BEGIN
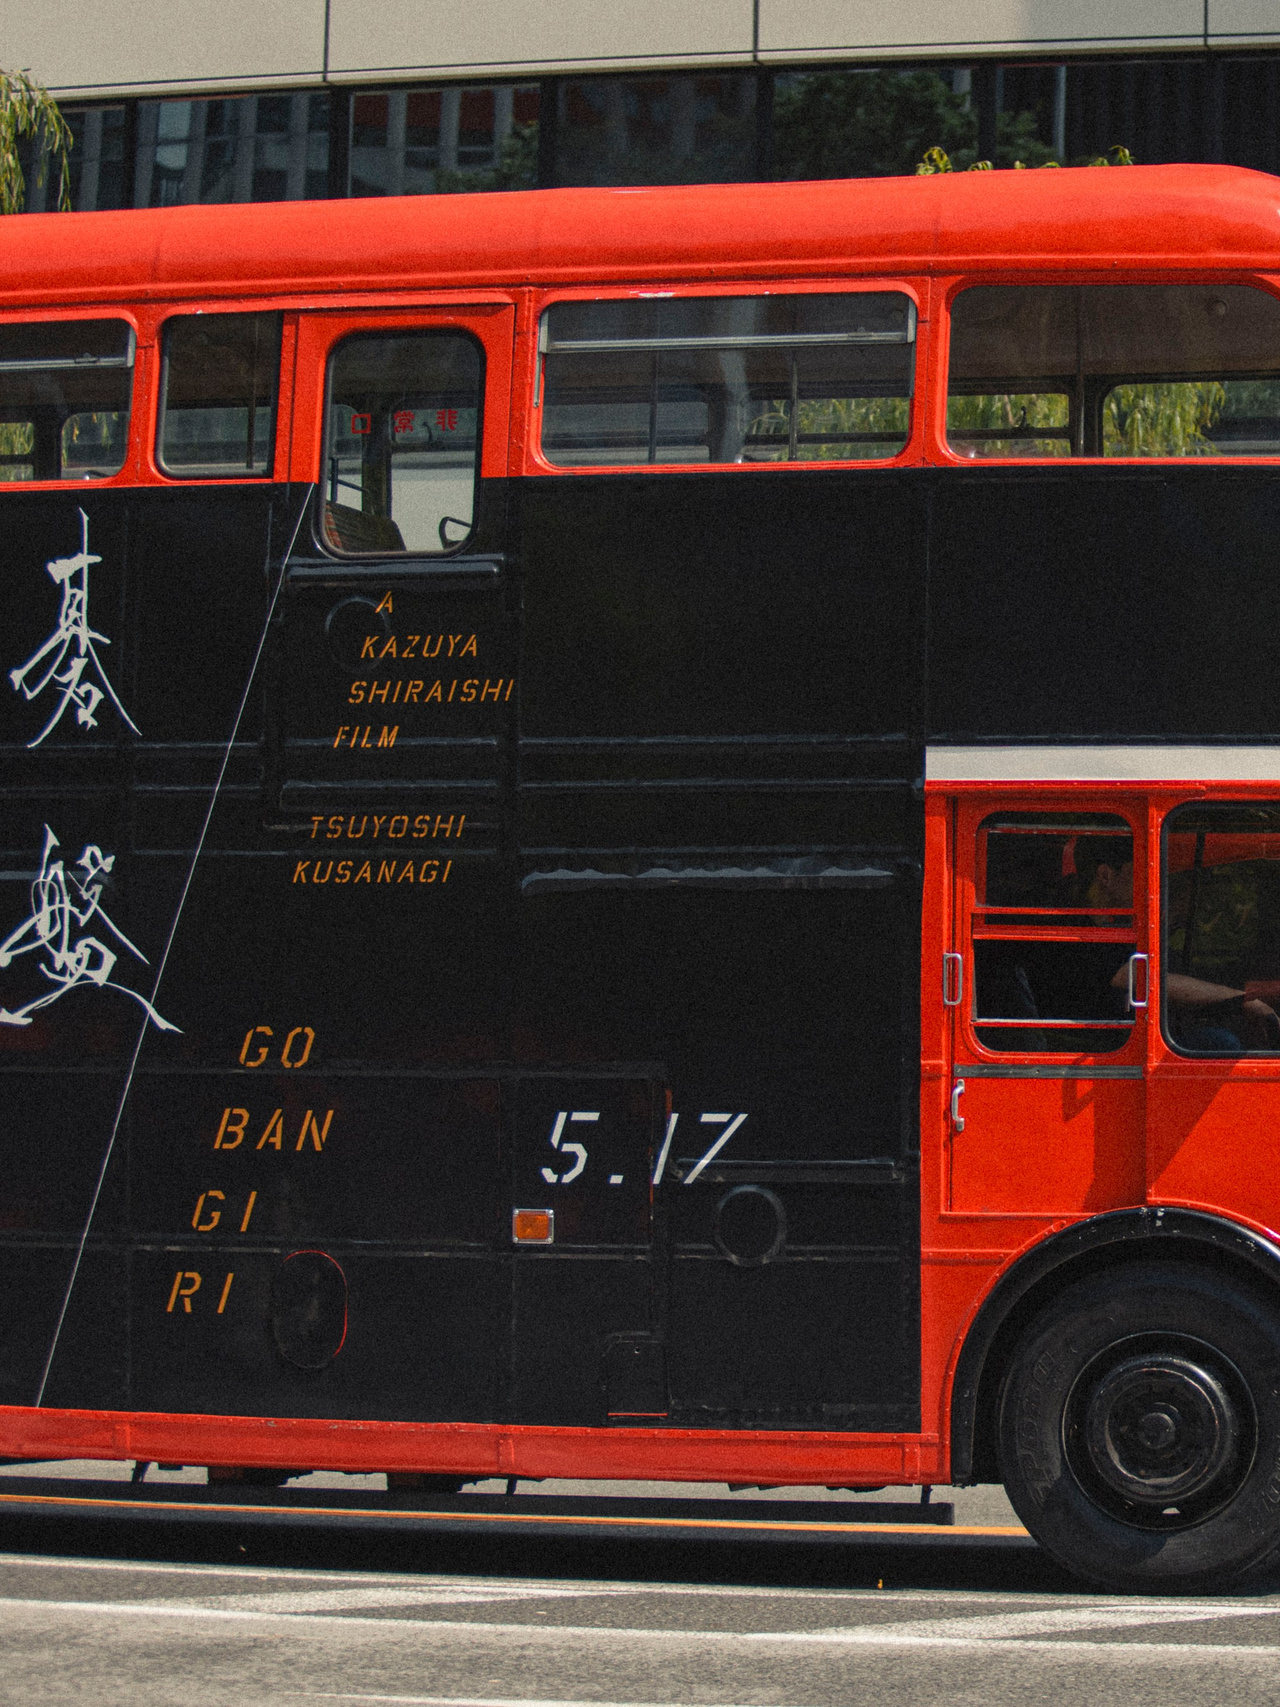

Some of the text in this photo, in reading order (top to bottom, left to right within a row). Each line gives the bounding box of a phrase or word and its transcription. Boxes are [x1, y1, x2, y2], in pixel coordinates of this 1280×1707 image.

[374, 590, 393, 614] A
[360, 633, 478, 659] KAZUYA
[347, 678, 515, 705] SHIRAISHI
[332, 724, 400, 749] FILM
[310, 814, 466, 839] TSUYOSHI
[292, 859, 452, 884] KUSANAGI
[238, 1025, 316, 1069] GO
[212, 1107, 335, 1152] BAN
[540, 1110, 749, 1186] 5.17
[190, 1189, 258, 1233] GI
[165, 1271, 235, 1315] RI
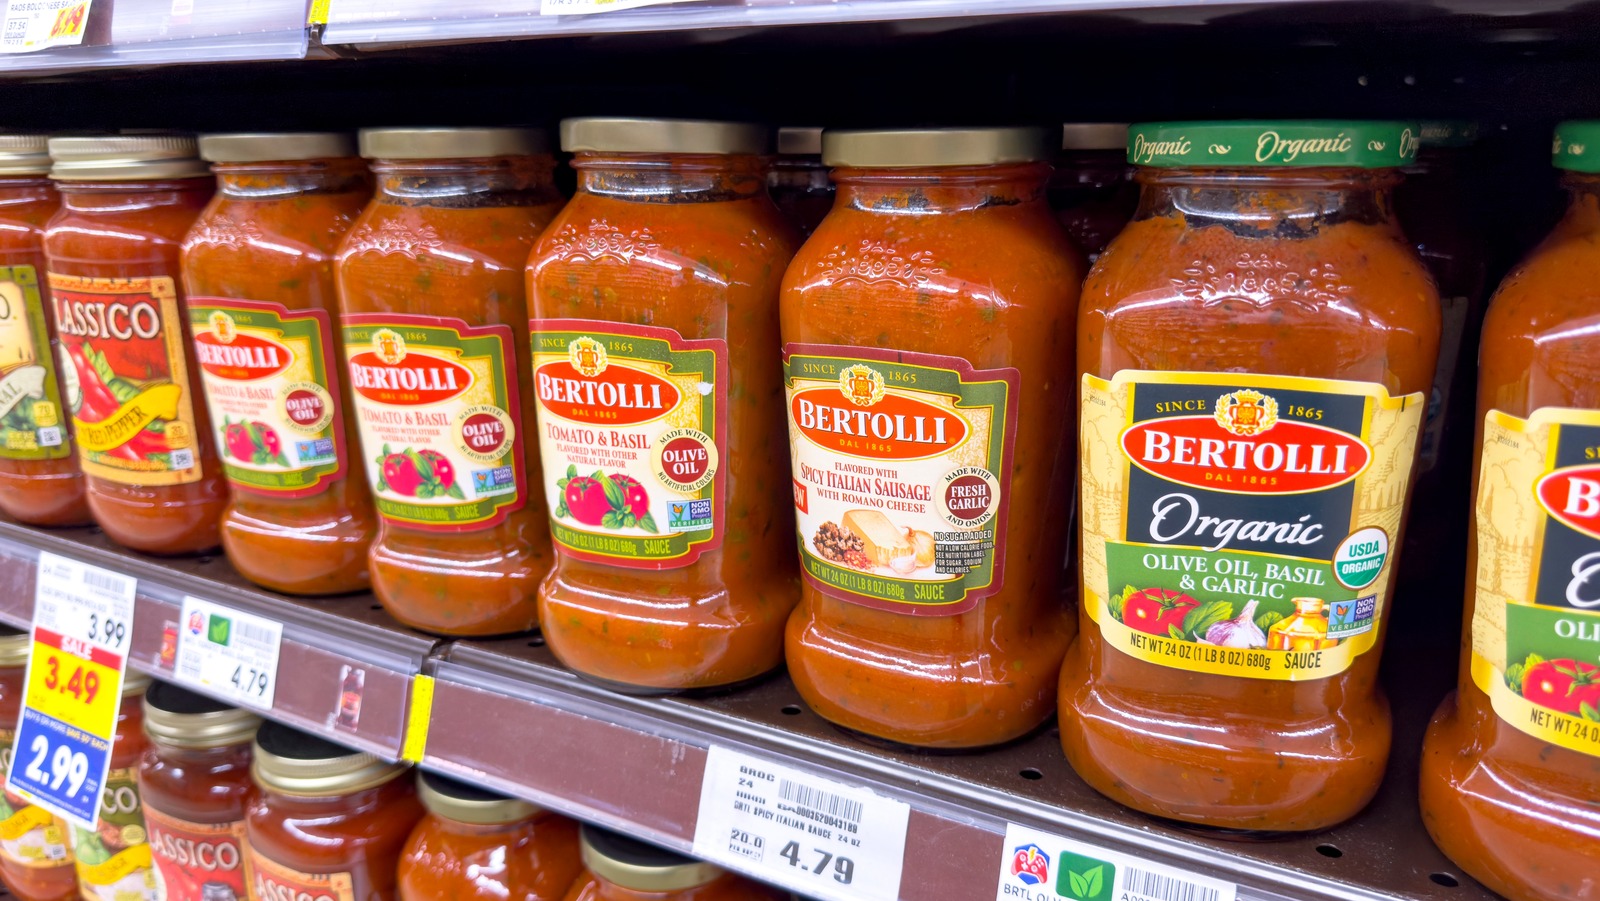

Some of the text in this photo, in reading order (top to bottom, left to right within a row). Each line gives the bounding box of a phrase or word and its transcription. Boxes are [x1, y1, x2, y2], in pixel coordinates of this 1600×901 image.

[1134, 134, 1191, 163] Organic
[1255, 131, 1351, 162] Organic
[52, 297, 160, 340] LASSICO
[540, 338, 634, 352] SINCE 1865
[198, 344, 280, 368] BERTOLLI
[352, 361, 458, 391] BERTOLLI
[803, 362, 917, 384] SINCE 1865
[538, 372, 663, 410] BERTOLLI
[293, 409, 318, 420] OIL
[362, 406, 452, 426] TOMATO & BASIL
[460, 406, 502, 420] MADE WITH
[572, 408, 617, 419] DAL 1865
[1156, 400, 1324, 420] SINCE 1865
[462, 420, 504, 437] OLIVE
[799, 398, 948, 445] BERTOLLI
[472, 434, 498, 447] OIL
[546, 422, 652, 450] TOMATO & BASIL
[659, 429, 708, 445] MADE WITH
[840, 439, 892, 452] DAL 1865
[556, 444, 638, 460] FLAVORED WITH OTHER
[566, 454, 626, 469] NATURAL FLAVOR
[662, 448, 707, 463] OLIVE
[1142, 429, 1348, 474] BERTOLLI
[672, 461, 699, 475] OIL
[834, 462, 898, 479] FLAVORED WITH
[944, 467, 992, 483] MADE WITH
[658, 468, 715, 492] NO ARTIFICIAL COLORS
[800, 462, 932, 501] SPICY ITALIAN SAUSAGE
[1206, 472, 1278, 486] DAL 1865
[816, 487, 926, 514] WITH ROMANO CHEESE
[950, 484, 986, 498] FRESH
[454, 504, 479, 519] SAUCE
[691, 506, 710, 514] GMO
[948, 496, 990, 510] GARLIC
[671, 519, 711, 527] VERIFIED
[946, 511, 992, 527] AND ONION
[1149, 492, 1324, 552] Organic
[573, 533, 580, 542] 24
[580, 535, 588, 546] OZ
[596, 538, 604, 550] LB
[604, 539, 609, 550] 8
[621, 540, 637, 556] 680g
[644, 540, 671, 554] SAUCE
[934, 530, 992, 541] NO SUGAR ADDED
[970, 550, 986, 558] LABEL
[1348, 540, 1380, 558] USDA
[1142, 553, 1326, 586] OLIVE OIL, BASIL
[1341, 556, 1382, 575] ORGANIC
[810, 562, 945, 600] NET WT 24 OZ (1 LB 8 OZ) 680g SAUCE
[1179, 574, 1286, 599] & GARLIC
[1356, 604, 1374, 615] GMO
[1357, 597, 1375, 608] NON
[88, 613, 125, 648] 3.99
[1330, 618, 1371, 631] VERIFIED
[1554, 619, 1600, 642] OLI
[60, 636, 93, 660] SALE
[1130, 632, 1323, 671] NET WT 24 OZ (1 LB 8 OZ) 680g SAUCE
[44, 655, 100, 704] 3.49
[231, 664, 268, 696] 4.79
[1530, 708, 1588, 740] NET WT 24
[25, 734, 89, 798] 2.99
[738, 778, 754, 788] 24
[754, 806, 861, 848] SPICY ITALIAN SAUCE 24 OZ
[153, 829, 240, 871] ASSICO
[780, 840, 855, 884] 4.79
[1004, 883, 1032, 901] BRTL
END
## Prompt
Everything in the records must be transcribed exactly, except the pictures, which are left out.

## Output of the exercise
Some of the text in this photo, in reading order (top to bottom, left to right within a row). Each line gives the bounding box of a phrase or word and its transcription. Boxes are [x1, y1, x2, y2], in pixel coordinates of this 1280×1707 image.

[374, 590, 393, 614] A
[360, 633, 478, 659] KAZUYA
[347, 678, 515, 705] SHIRAISHI
[332, 724, 400, 749] FILM
[310, 814, 466, 839] TSUYOSHI
[292, 859, 452, 884] KUSANAGI
[238, 1025, 316, 1069] GO
[212, 1107, 335, 1152] BAN
[540, 1110, 749, 1186] 5.17
[190, 1189, 258, 1233] GI
[165, 1271, 235, 1315] RI

Some of the text in this photo, in reading order (top to bottom, left to right within a row). Each line gives the bounding box of a phrase or word and its transcription. Boxes are [x1, y1, x2, y2], in pixel coordinates of this 1600×901 image.

[1134, 134, 1191, 163] Organic
[1255, 131, 1351, 162] Organic
[52, 297, 160, 340] LASSICO
[540, 338, 634, 352] SINCE 1865
[198, 344, 280, 368] BERTOLLI
[352, 361, 458, 391] BERTOLLI
[803, 362, 917, 384] SINCE 1865
[538, 372, 663, 410] BERTOLLI
[293, 409, 318, 420] OIL
[362, 406, 452, 426] TOMATO & BASIL
[460, 406, 502, 420] MADE WITH
[572, 408, 617, 419] DAL 1865
[1156, 400, 1324, 420] SINCE 1865
[462, 420, 504, 437] OLIVE
[799, 398, 948, 445] BERTOLLI
[472, 434, 498, 447] OIL
[546, 422, 652, 450] TOMATO & BASIL
[659, 429, 708, 445] MADE WITH
[840, 439, 892, 452] DAL 1865
[556, 444, 638, 460] FLAVORED WITH OTHER
[566, 454, 626, 469] NATURAL FLAVOR
[662, 448, 707, 463] OLIVE
[1142, 429, 1348, 474] BERTOLLI
[672, 461, 699, 475] OIL
[834, 462, 898, 479] FLAVORED WITH
[944, 467, 992, 483] MADE WITH
[658, 468, 715, 492] NO ARTIFICIAL COLORS
[800, 462, 932, 501] SPICY ITALIAN SAUSAGE
[1206, 472, 1278, 486] DAL 1865
[816, 487, 926, 514] WITH ROMANO CHEESE
[950, 484, 986, 498] FRESH
[454, 504, 479, 519] SAUCE
[691, 506, 710, 514] GMO
[948, 496, 990, 510] GARLIC
[671, 519, 711, 527] VERIFIED
[946, 511, 992, 527] AND ONION
[1149, 492, 1324, 552] Organic
[573, 533, 580, 542] 24
[580, 535, 588, 546] OZ
[596, 538, 604, 550] LB
[604, 539, 609, 550] 8
[621, 540, 637, 556] 680g
[644, 540, 671, 554] SAUCE
[934, 530, 992, 541] NO SUGAR ADDED
[970, 550, 986, 558] LABEL
[1348, 540, 1380, 558] USDA
[1142, 553, 1326, 586] OLIVE OIL, BASIL
[1341, 556, 1382, 575] ORGANIC
[810, 562, 945, 600] NET WT 24 OZ (1 LB 8 OZ) 680g SAUCE
[1179, 574, 1286, 599] & GARLIC
[1356, 604, 1374, 615] GMO
[1357, 597, 1375, 608] NON
[88, 613, 125, 648] 3.99
[1330, 618, 1371, 631] VERIFIED
[1554, 619, 1600, 642] OLI
[60, 636, 93, 660] SALE
[1130, 632, 1323, 671] NET WT 24 OZ (1 LB 8 OZ) 680g SAUCE
[44, 655, 100, 704] 3.49
[231, 664, 268, 696] 4.79
[1530, 708, 1588, 740] NET WT 24
[25, 734, 89, 798] 2.99
[738, 778, 754, 788] 24
[754, 806, 861, 848] SPICY ITALIAN SAUCE 24 OZ
[153, 829, 240, 871] ASSICO
[780, 840, 855, 884] 4.79
[1004, 883, 1032, 901] BRTL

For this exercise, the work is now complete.